• WHAT TO WORK ON: In the entries below, find the line with "this 1012×1350 image." and the line with "this 1600×1067 image."; give again those lines and every line between them, exactly.

• DATA TO USE:
--- START ---
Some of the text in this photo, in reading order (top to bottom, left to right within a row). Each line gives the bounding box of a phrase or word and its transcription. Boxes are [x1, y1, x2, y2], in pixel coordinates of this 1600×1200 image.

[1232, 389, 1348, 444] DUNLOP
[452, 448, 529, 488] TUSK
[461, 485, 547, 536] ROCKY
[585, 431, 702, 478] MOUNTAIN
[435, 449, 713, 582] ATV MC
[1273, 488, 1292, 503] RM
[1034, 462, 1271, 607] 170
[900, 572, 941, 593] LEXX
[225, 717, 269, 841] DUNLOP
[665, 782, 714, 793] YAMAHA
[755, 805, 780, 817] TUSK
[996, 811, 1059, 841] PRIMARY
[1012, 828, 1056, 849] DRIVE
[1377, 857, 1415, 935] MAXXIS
--- END ---
--- START ---
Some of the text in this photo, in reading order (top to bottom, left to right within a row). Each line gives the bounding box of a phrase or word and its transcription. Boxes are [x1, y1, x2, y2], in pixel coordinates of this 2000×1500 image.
--- END ---
--- START ---
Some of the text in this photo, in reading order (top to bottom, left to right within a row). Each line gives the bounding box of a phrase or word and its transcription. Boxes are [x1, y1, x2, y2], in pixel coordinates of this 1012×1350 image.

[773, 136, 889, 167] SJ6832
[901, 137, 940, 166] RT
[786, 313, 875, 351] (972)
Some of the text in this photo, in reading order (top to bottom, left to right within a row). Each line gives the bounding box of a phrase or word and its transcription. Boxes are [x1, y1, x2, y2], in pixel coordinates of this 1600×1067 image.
--- END ---
• EXERCISE SOLUTION:
Some of the text in this photo, in reading order (top to bottom, left to right within a row). Each line gives the bounding box of a phrase or word and its transcription. Boxes are [x1, y1, x2, y2], in pixel coordinates of this 1012×1350 image.

[773, 136, 889, 167] SJ6832
[901, 137, 940, 166] RT
[786, 313, 875, 351] (972)
Some of the text in this photo, in reading order (top to bottom, left to right within a row). Each line gives the bounding box of a phrase or word and its transcription. Boxes are [x1, y1, x2, y2], in pixel coordinates of this 1600×1067 image.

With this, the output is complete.